## What the task requires:
Leave out the pictures and repeat every record exactly.

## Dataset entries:
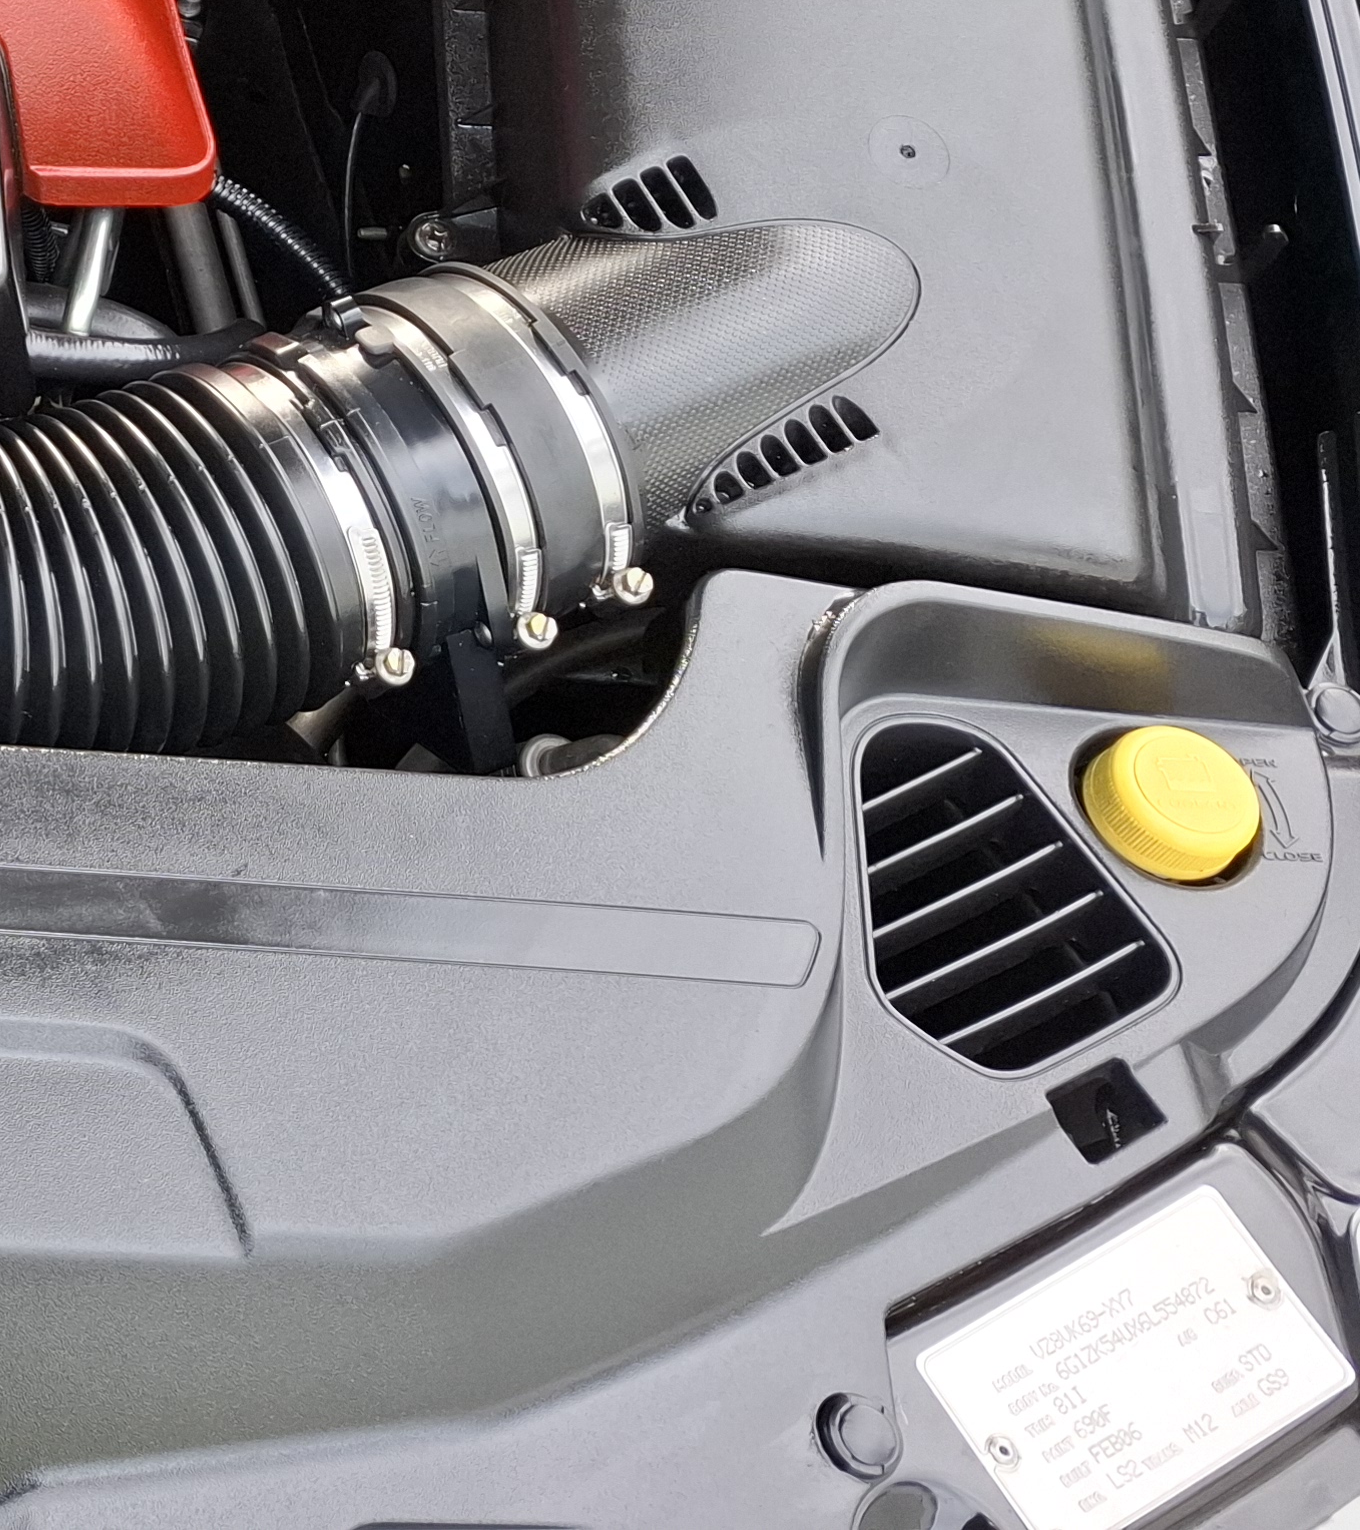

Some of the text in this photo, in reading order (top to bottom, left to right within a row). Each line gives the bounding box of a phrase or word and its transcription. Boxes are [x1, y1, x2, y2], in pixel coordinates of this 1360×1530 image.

[1261, 850, 1323, 862] CLOSE
[1028, 1285, 1138, 1363] VZ8VK69-XY7
[1052, 1273, 1216, 1383] 6G1ZK54UX6L554872
[1086, 1419, 1145, 1466] FEB06
[1105, 1455, 1145, 1491] LS2
[1180, 1410, 1220, 1446] M12
[1254, 1365, 1293, 1400] GS9
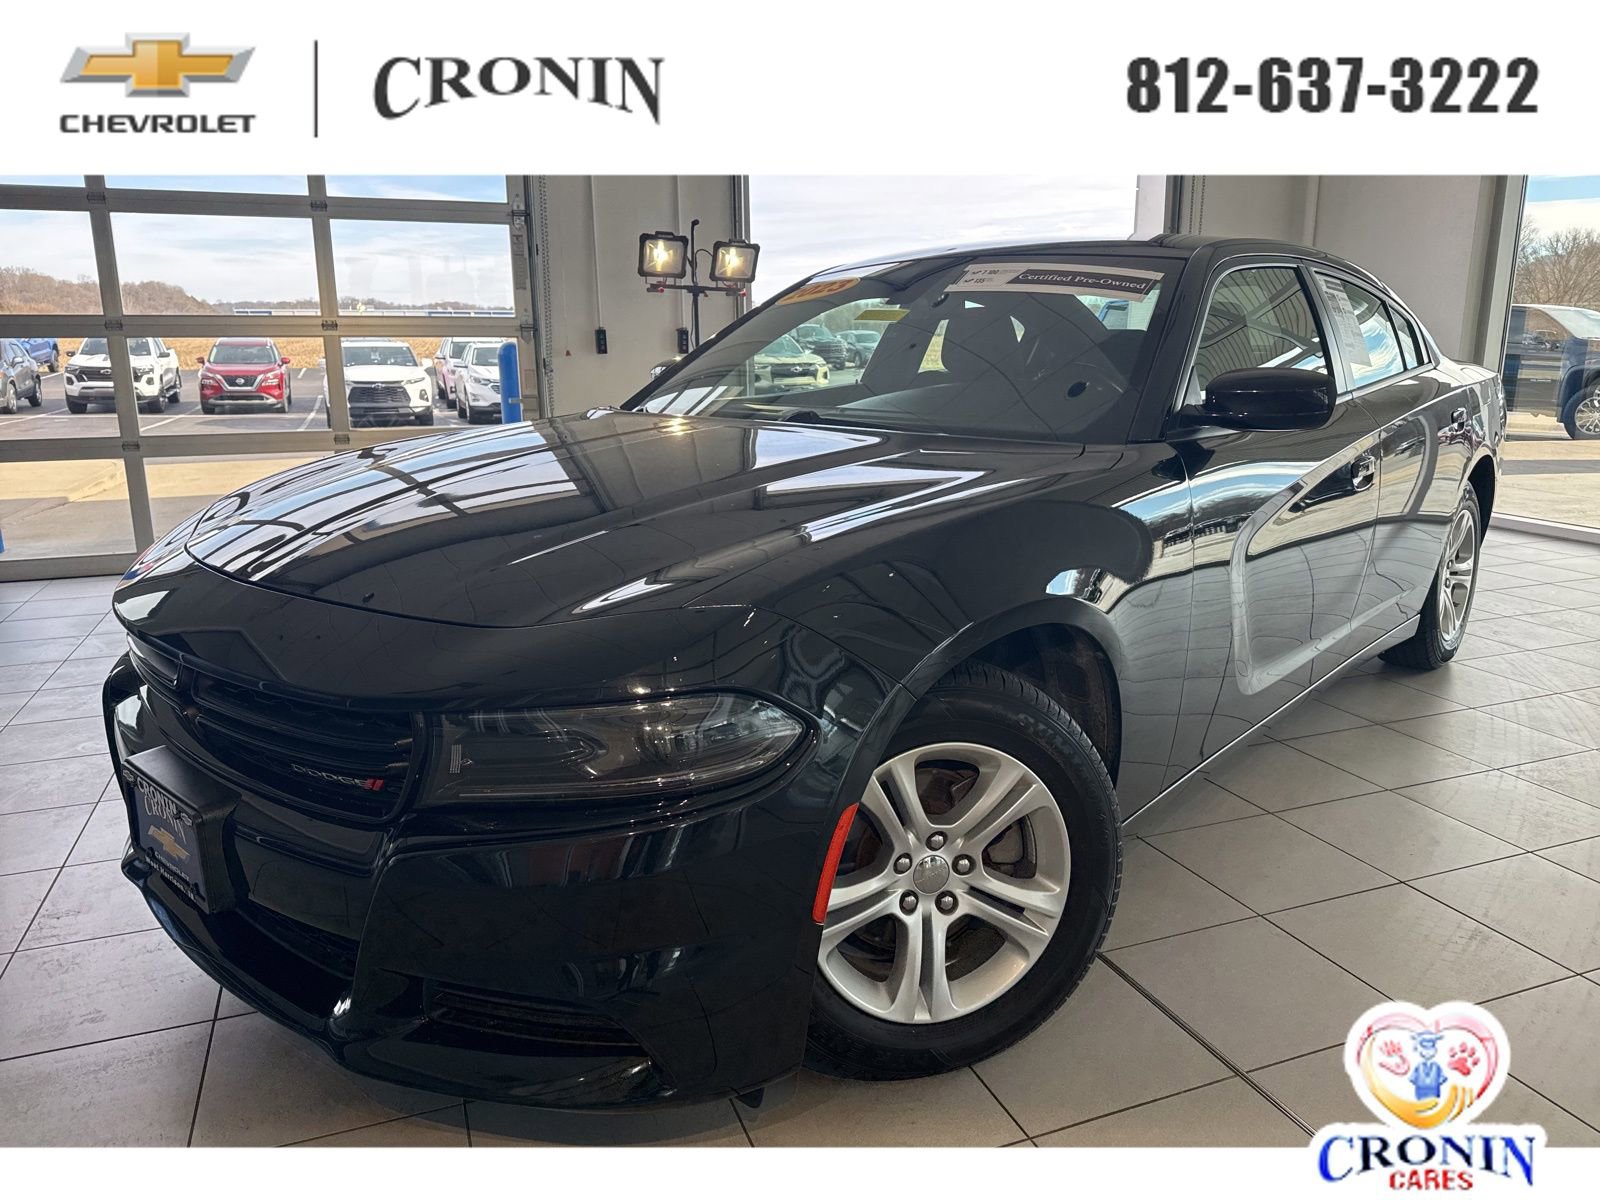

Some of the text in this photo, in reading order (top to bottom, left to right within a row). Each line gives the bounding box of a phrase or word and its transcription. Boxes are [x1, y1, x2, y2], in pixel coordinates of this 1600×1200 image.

## Task output:
Some of the text in this photo, in reading order (top to bottom, left to right within a row). Each line gives the bounding box of a phrase or word and its transcription. Boxes are [x1, y1, x2, y2], in pixel coordinates of this 1360×1530 image.

[1261, 850, 1323, 862] CLOSE
[1028, 1285, 1138, 1363] VZ8VK69-XY7
[1052, 1273, 1216, 1383] 6G1ZK54UX6L554872
[1086, 1419, 1145, 1466] FEB06
[1105, 1455, 1145, 1491] LS2
[1180, 1410, 1220, 1446] M12
[1254, 1365, 1293, 1400] GS9

Some of the text in this photo, in reading order (top to bottom, left to right within a row). Each line gives the bounding box of a phrase or word and its transcription. Boxes are [x1, y1, x2, y2], in pixel coordinates of this 1600×1200 image.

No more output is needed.